[[ Provided data, beginning ]]
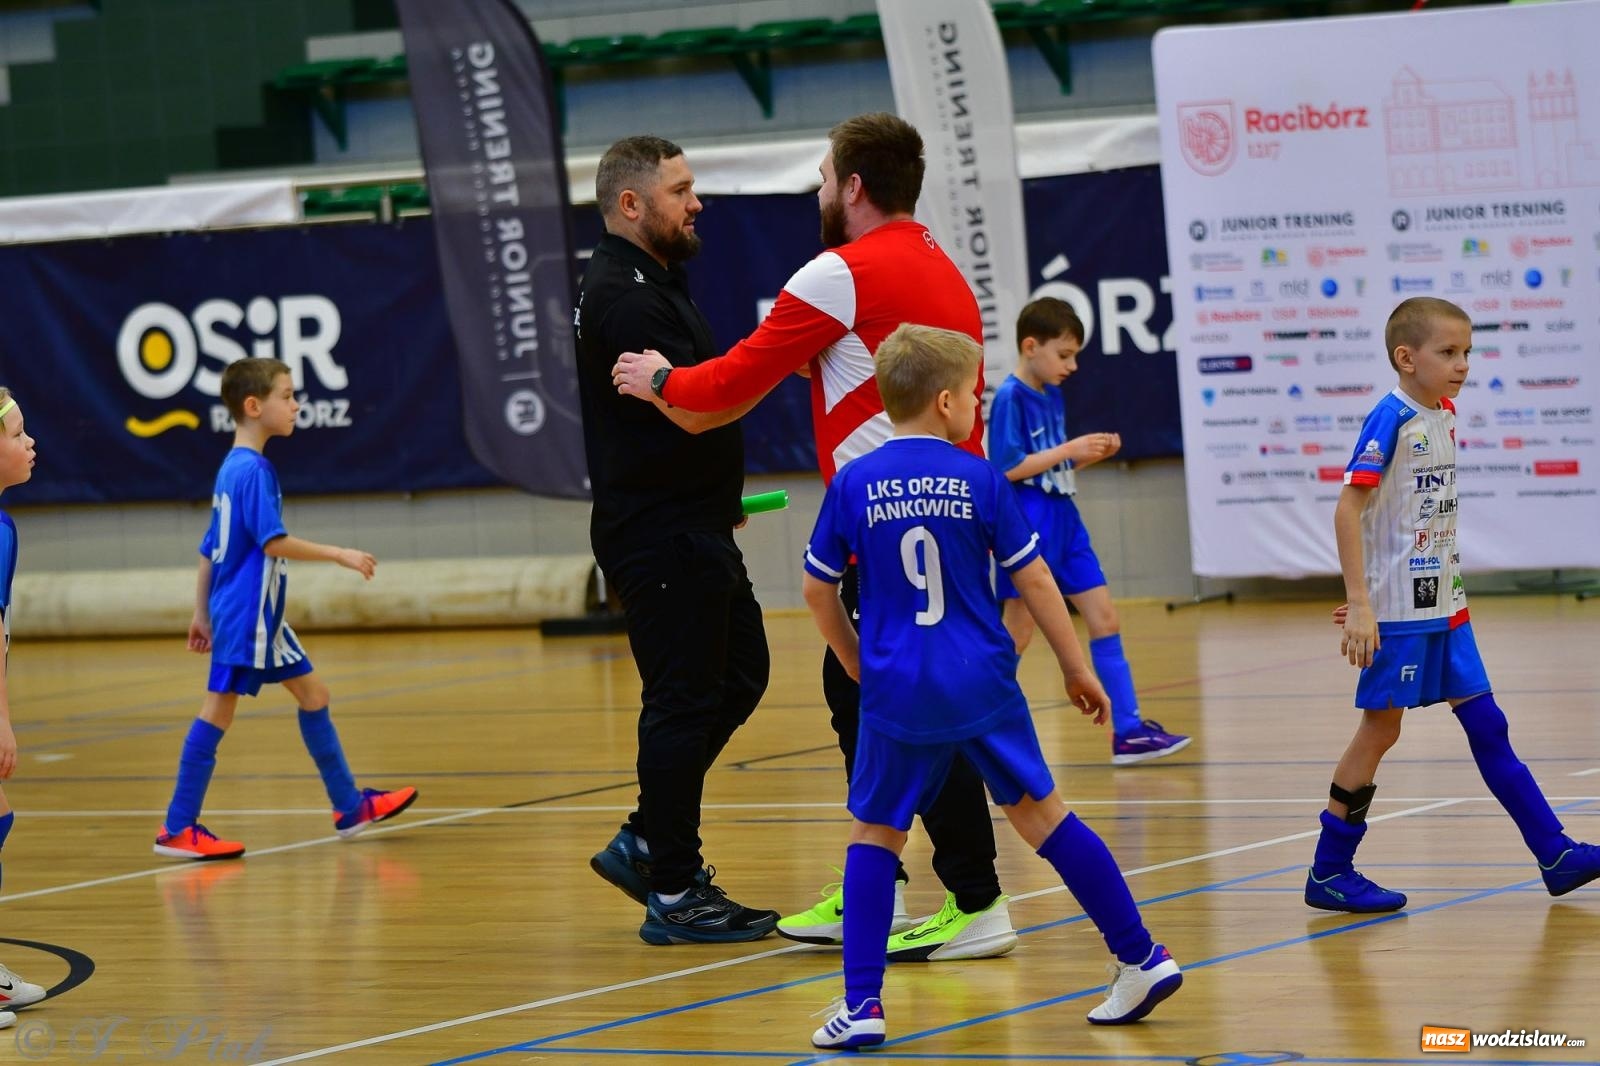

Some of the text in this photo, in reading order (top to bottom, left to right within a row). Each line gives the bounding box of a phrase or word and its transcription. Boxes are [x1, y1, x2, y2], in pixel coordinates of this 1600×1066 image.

[1245, 103, 1369, 134] Racibórz
[1221, 212, 1355, 233] JUNIOR TRENING
[1426, 201, 1567, 222] JUNIOR TRENING
[116, 294, 349, 400] OSiR
[867, 476, 971, 501] LKS ORZEŁ
[900, 525, 945, 626] 9
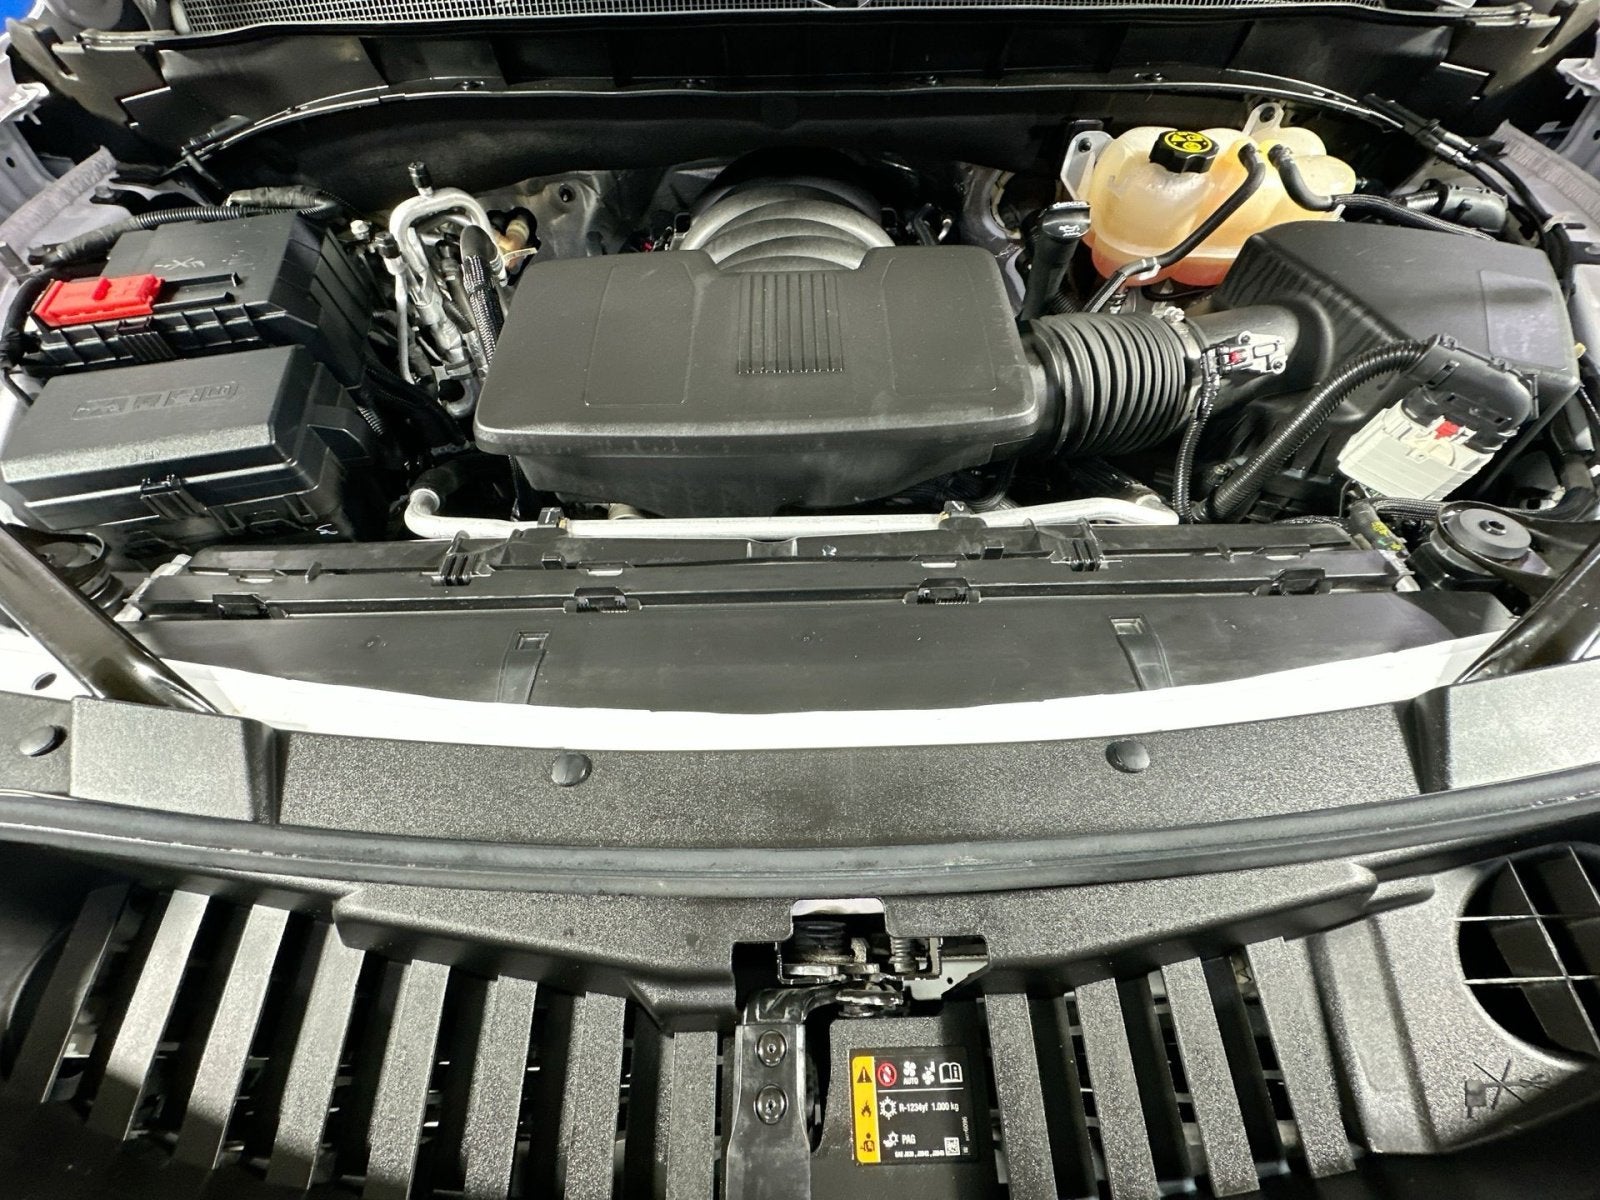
[[ Provided data, end ]]
**Work instruction:**
Set down the material exactly, every line of it, except for the pictures.

**Answer space:**
Some of the text in this photo, in reading order (top to bottom, left to right within a row). Each line gives the bounding box of a phrase or word and its transcription. Boxes are [x1, y1, x2, y2], in pixel coordinates of this 1600×1066 image.

[1245, 103, 1369, 134] Racibórz
[1221, 212, 1355, 233] JUNIOR TRENING
[1426, 201, 1567, 222] JUNIOR TRENING
[116, 294, 349, 400] OSiR
[867, 476, 971, 501] LKS ORZEŁ
[900, 525, 945, 626] 9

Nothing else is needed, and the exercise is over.